Global Britain is “stirring” a year before Brexit, as research shows business owners ramping up spending on imports from outside the EU.
New figures, from international payment specialist FEXCO Corporate Payments, revealed that British firms are increasingly looking to new markets, spending 33 per cent more on imports, in sterling terms, from non-Eurozone and developing countries in 2017 compared with 2016.
It is double the 14 per cent increase in spending on imports from the UK’s more established trading partners such as North America, the Eurozone, Australia and New Zealand.

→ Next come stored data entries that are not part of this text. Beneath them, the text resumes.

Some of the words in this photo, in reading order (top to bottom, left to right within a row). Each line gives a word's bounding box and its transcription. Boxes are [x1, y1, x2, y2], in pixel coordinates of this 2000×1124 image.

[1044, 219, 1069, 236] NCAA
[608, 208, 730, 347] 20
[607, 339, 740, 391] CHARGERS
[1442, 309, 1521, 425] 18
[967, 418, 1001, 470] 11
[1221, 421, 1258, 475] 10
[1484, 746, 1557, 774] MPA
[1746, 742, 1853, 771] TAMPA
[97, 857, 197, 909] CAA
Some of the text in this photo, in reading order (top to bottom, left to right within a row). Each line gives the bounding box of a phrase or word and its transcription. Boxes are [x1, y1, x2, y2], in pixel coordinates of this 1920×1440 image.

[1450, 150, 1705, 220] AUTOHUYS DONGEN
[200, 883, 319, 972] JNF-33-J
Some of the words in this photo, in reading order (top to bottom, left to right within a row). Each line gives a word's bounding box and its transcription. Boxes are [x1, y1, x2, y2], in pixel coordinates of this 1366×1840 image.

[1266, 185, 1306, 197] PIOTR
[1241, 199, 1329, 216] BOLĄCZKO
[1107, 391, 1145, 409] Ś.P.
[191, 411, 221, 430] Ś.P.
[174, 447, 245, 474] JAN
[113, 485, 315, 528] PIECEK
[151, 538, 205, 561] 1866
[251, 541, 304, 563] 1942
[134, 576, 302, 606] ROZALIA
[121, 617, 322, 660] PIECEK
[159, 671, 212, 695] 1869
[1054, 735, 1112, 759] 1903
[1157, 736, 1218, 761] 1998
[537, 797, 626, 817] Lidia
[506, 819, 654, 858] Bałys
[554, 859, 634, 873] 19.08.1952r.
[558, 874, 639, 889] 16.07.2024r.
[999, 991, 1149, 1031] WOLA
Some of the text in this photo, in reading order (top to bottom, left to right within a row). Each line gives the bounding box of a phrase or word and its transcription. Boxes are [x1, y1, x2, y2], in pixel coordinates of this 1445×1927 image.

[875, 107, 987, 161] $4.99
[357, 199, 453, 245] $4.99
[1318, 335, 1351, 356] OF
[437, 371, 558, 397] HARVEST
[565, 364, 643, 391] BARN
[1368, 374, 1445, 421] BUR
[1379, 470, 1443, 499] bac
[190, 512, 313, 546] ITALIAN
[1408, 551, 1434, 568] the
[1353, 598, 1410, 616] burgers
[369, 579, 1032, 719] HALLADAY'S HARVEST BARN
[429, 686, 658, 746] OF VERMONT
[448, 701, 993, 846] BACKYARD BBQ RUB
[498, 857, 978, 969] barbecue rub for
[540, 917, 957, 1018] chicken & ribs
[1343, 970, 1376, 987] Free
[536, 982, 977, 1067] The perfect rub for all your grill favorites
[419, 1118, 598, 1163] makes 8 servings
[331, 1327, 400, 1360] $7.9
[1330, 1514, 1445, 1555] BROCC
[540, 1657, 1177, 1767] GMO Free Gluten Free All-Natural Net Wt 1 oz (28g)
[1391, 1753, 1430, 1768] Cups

The analysis, of more than 28,500 transactions made through FEXCO Corporate Payments, showed that demand for so-called ‘exotic’ currencies – excluding the Euro and the US, Canadian, Australian and New Zealand Dollar – picked up dramatically throughout last year.
While the number of transactions remained broadly the same, up just six per cent on 2016, the average transaction size rose by 28 per cent to £5,057.
The biggest jump in trade was with India, with British businesses spending 365 per cent more on Indian Rupees.
The second biggest leap was with the Czech Republic, with UK firms making 39 per cent more transactions and spending 65 per cent more on Czech Koruna than in the previous year.
Purchases from South Africa rose sharply too, with the total value of imports rising by 42 per cent, while imports from Poland picked up by a quarter.
Indeed, FEXCO recorded a 24 per cent increase in the number of transactions and a 27 per cent jump in the amount spent on Polish Zloty.
“With Brexit barely a year away, Britain’s trade negotiations with the EU still have a long way to go. But while politicians agonise over the UK’s future trading relationship with Europe, many businesses are one step ahead, and already forming partnerships with new markets,” said David Lamb, head of dealing at FEXCO Corporate Payments.
“While the weak pound has forced businesses which import regularly to look for alternative suppliers in countries with a more favourable exchange rate, the steady rise in imports from developing economies and other non-Eurozone countries cannot be dismissed as a mere cost-saving exercise.”
Lamb said the increased willingness of British businesses to look beyond the usual suspects in the Eurozone and North America could be seen as “the first stirrings of the ‘Global Britain’ that Brexiteers hope a non-EU UK will become”.